The aim of the project of iGEM Eindhoven is to create a living material: a new type of hybrid material with integrated living organisms. Using the power of synthetic biology, new genetic circuits can be engineered to yield smart, responsive and adaptive materials and devices capable of performing advanced functions. Our organism of choice for such a material is E. coli, the workhorse of synthetic biology. In designing and realizing such a complex material, we applied the following universal engineering principles:
- Modularity: Our design consists out of separate parts that we individually characterize and optimize before integrating them into a coherent system
- Reproducibility: Our design must yield reproducible results & behaviour in our experiments
- Prototyping: To test the performance of our design, we create prototypes which we can rapidly test to adapt our design
- Safe-by-Design: During the design process, we consider safety in an integrative way right from the start.
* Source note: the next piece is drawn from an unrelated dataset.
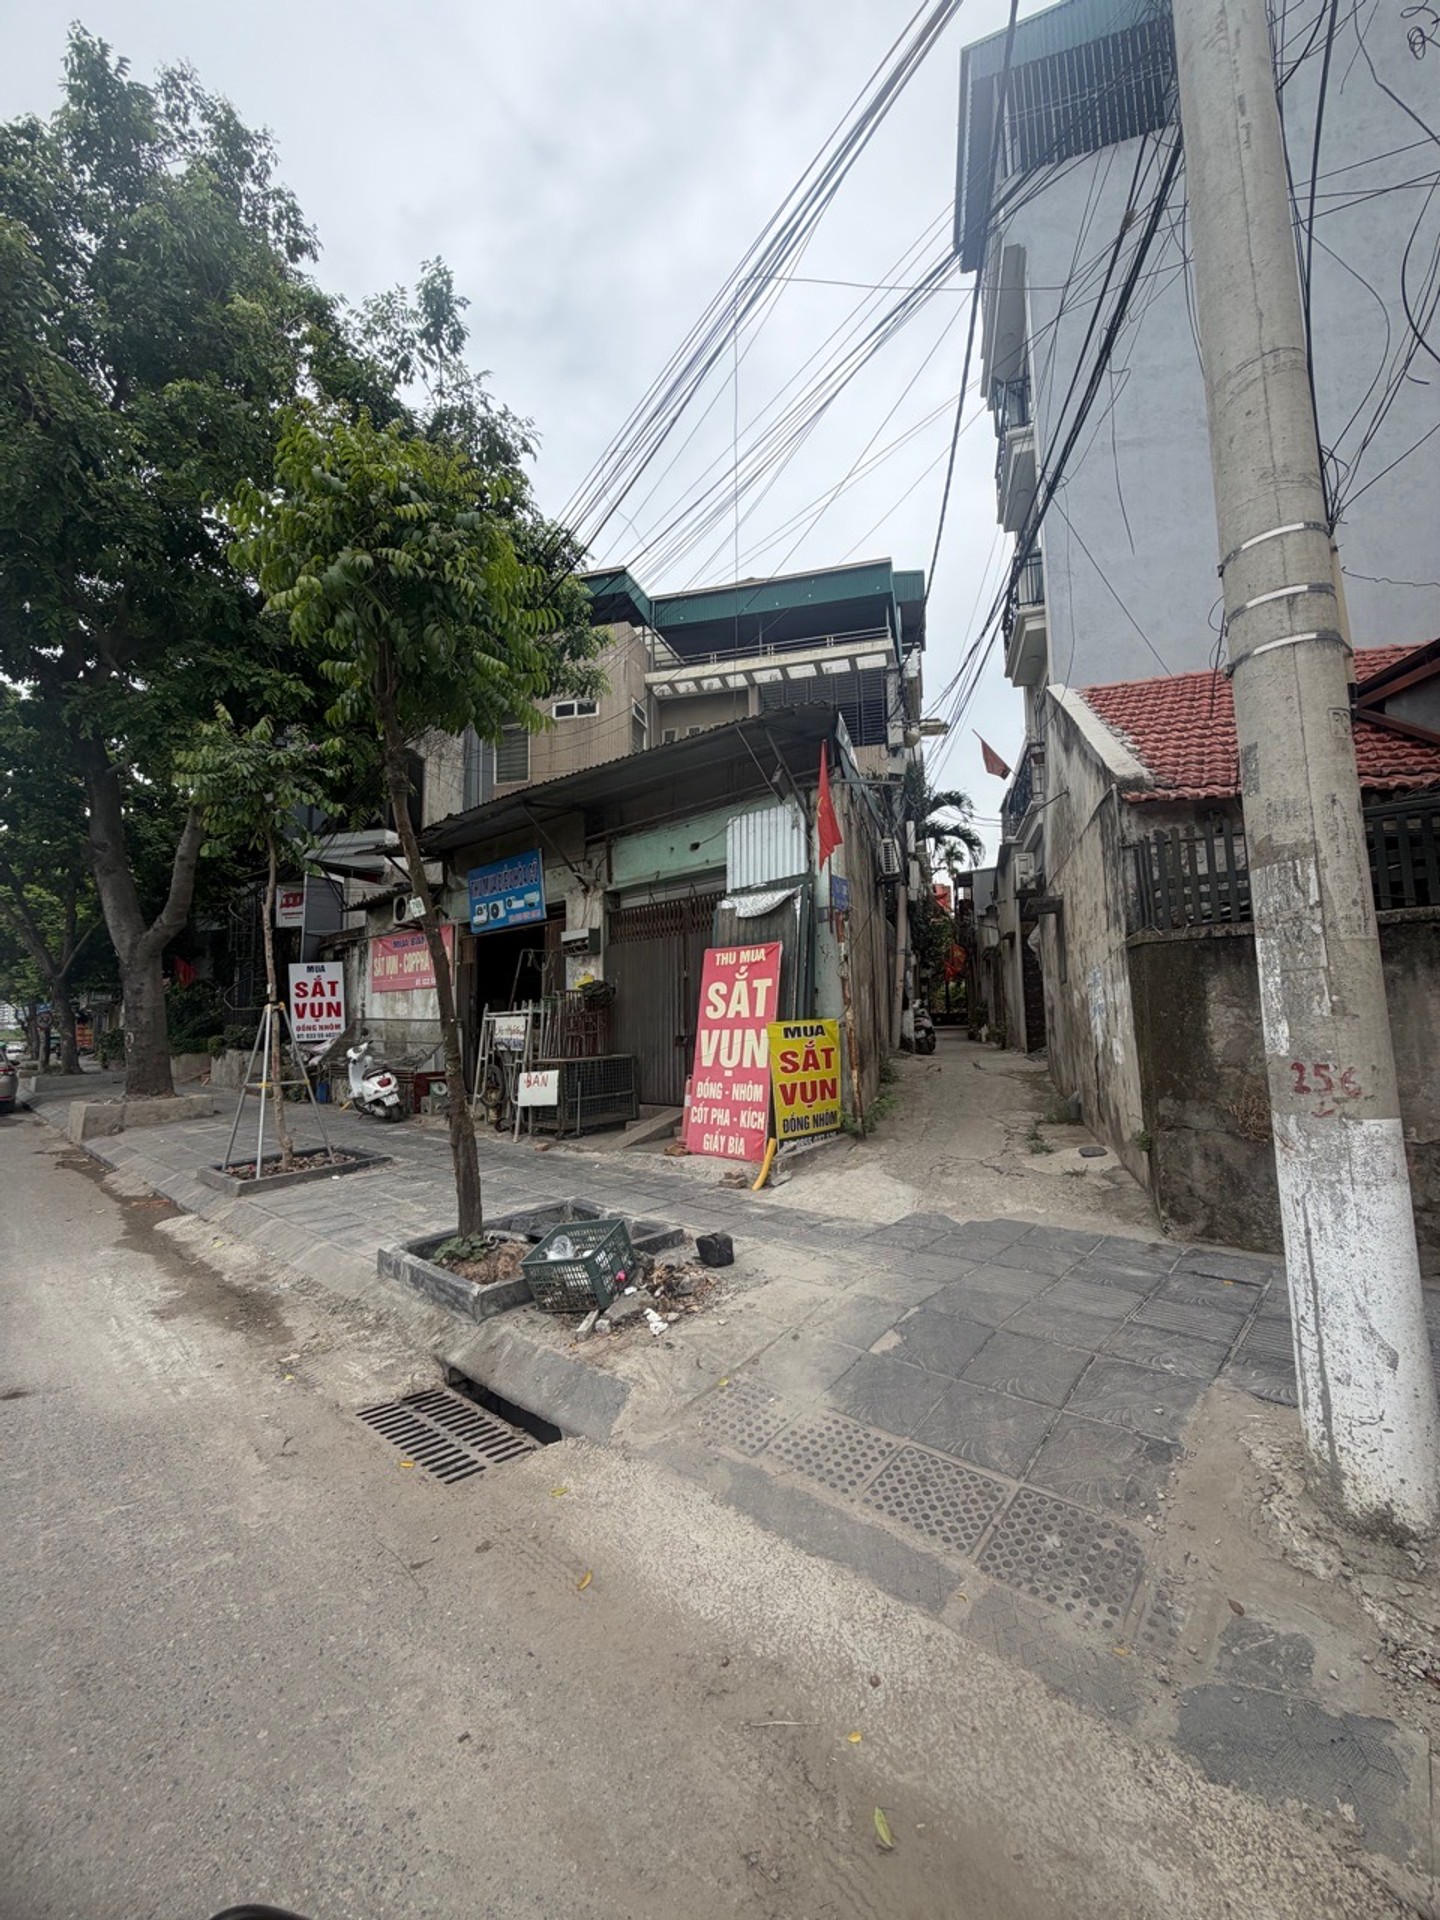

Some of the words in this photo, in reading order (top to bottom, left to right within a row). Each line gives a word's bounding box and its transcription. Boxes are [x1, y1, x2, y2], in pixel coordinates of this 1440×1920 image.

Please also see our Safe-by-Design page for more information on how we implemented this engineering principle during our project.
No concept is convincing without a concrete application scenario. Therefore, we divided ourselves in two groups, one group working on the living material itself and one working on the application scenario necessary to illustrate the potential of living materials to the general public.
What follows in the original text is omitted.